Each record should be copied exactly into the answer, and no picture should go with it.
BEGIN SOURCE DATA
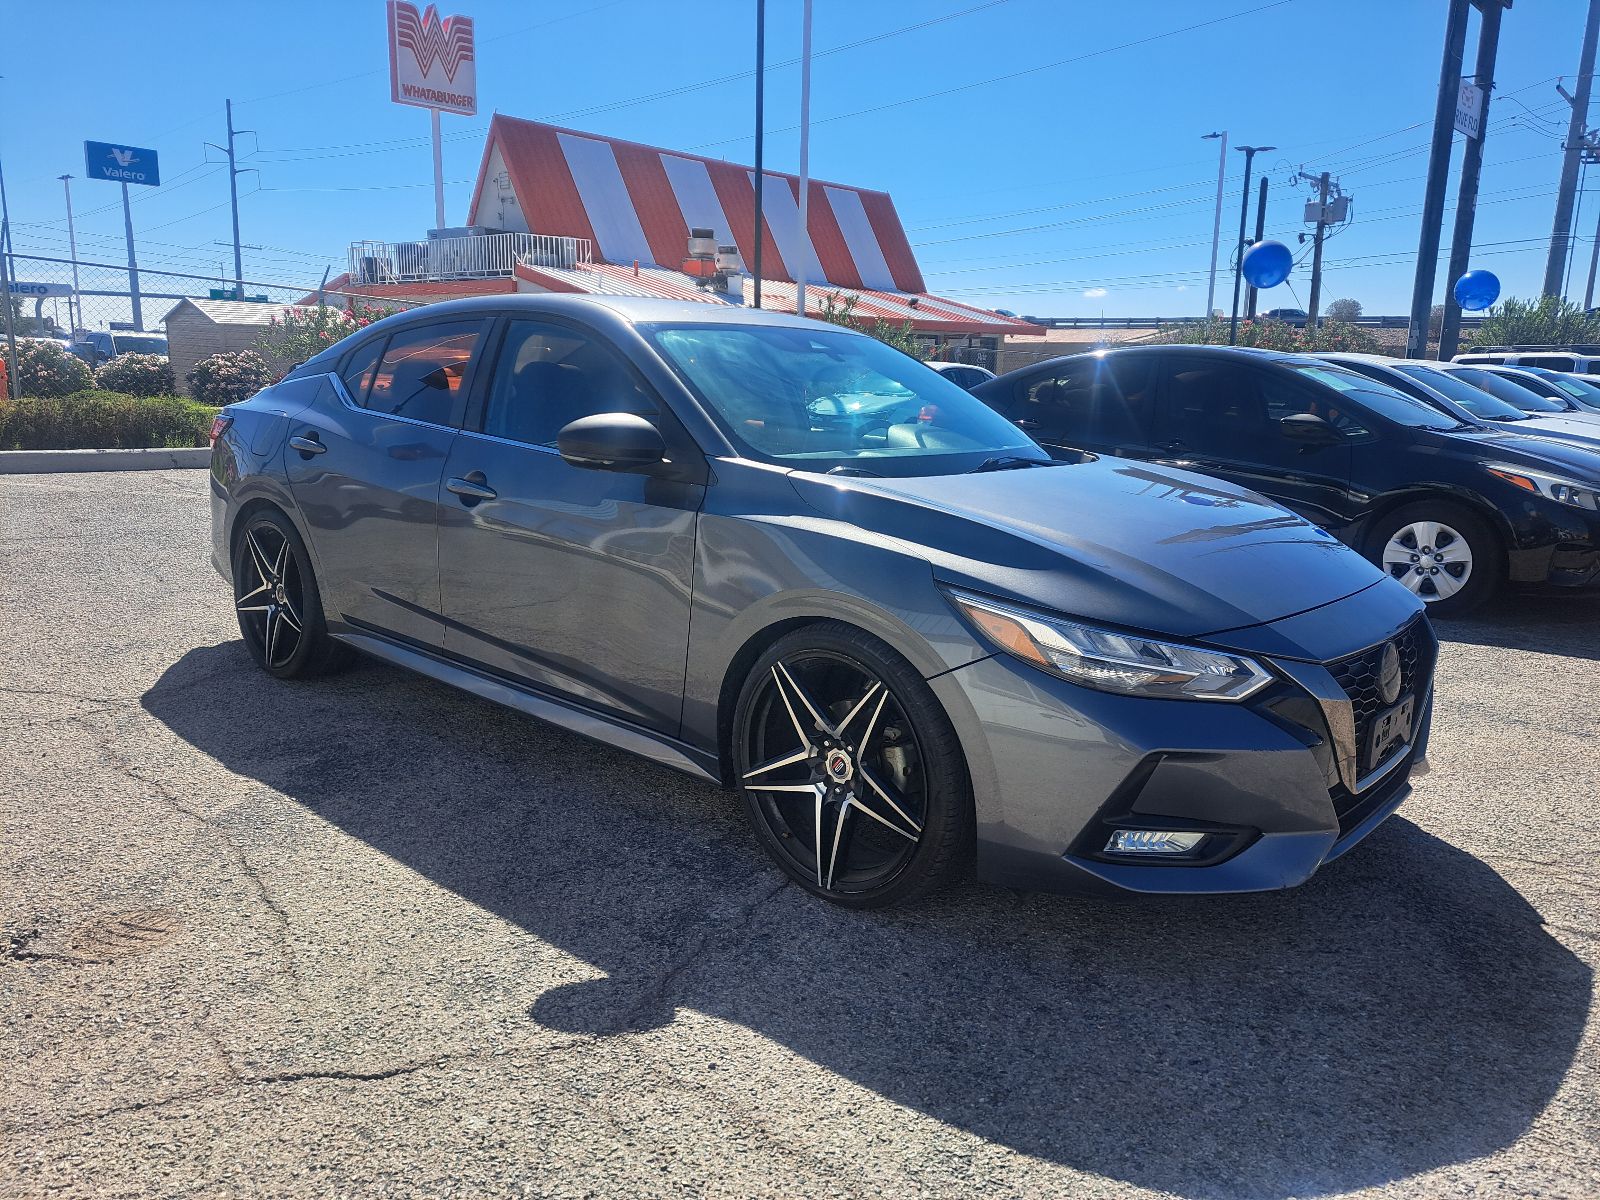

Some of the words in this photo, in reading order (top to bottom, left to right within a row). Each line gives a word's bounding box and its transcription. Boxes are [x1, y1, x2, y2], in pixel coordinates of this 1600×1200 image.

[402, 84, 473, 108] WHATABURGER
[102, 166, 145, 181] Valero
[8, 282, 48, 294] alero
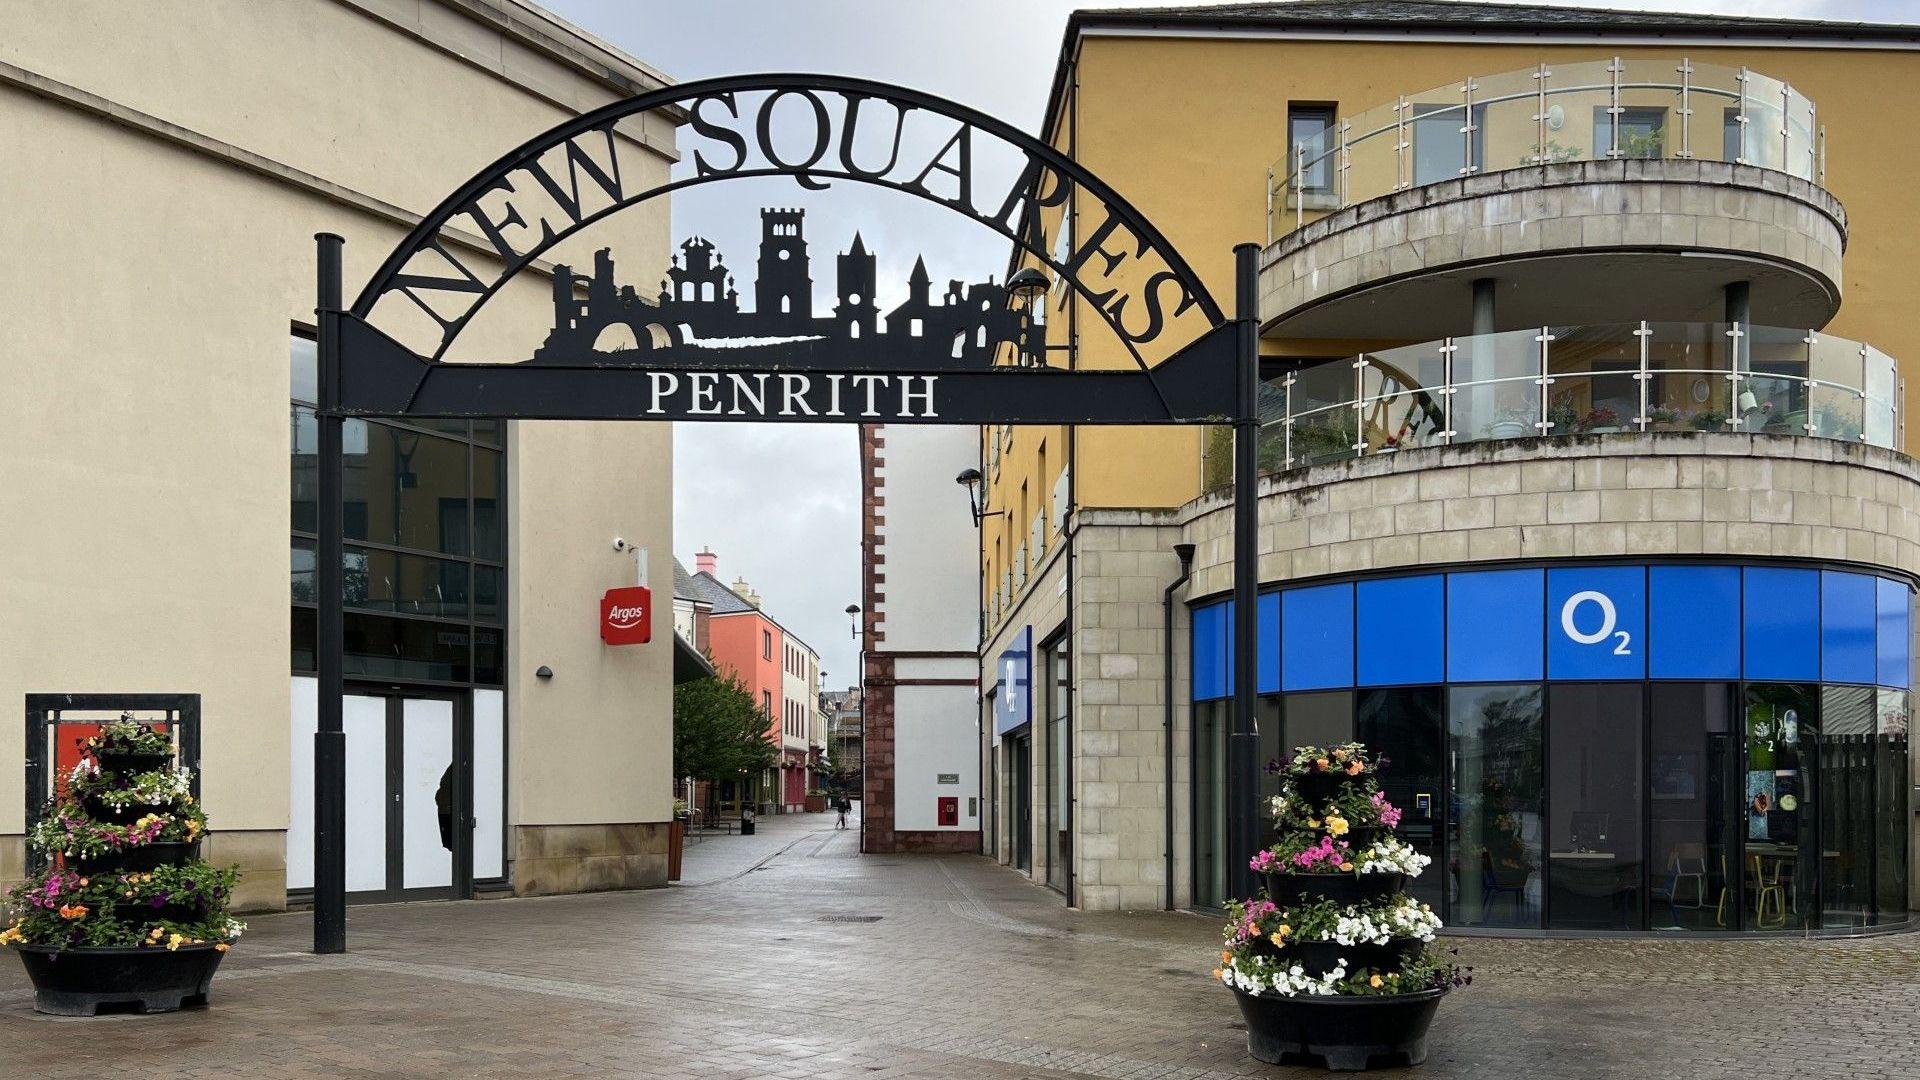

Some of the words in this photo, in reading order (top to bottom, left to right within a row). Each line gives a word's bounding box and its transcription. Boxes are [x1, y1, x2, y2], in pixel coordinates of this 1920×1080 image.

[379, 120, 624, 344] NEW
[689, 88, 1201, 344] SQUARES
[646, 371, 939, 417] PENRITH
[608, 605, 643, 623] Argos
[1561, 590, 1632, 656] O2
END SOURCE DATA
RESPONSE TO THIS TASK
Some of the words in this photo, in reading order (top to bottom, left to right within a row). Each line gives a word's bounding box and its transcription. Boxes are [x1, y1, x2, y2], in pixel coordinates of this 1600×1200 image.

[402, 84, 473, 108] WHATABURGER
[102, 166, 145, 181] Valero
[8, 282, 48, 294] alero

Some of the words in this photo, in reading order (top to bottom, left to right within a row). Each line gives a word's bounding box and its transcription. Boxes are [x1, y1, x2, y2], in pixel coordinates of this 1920×1080 image.

[379, 120, 624, 344] NEW
[689, 88, 1201, 344] SQUARES
[646, 371, 939, 417] PENRITH
[608, 605, 643, 623] Argos
[1561, 590, 1632, 656] O2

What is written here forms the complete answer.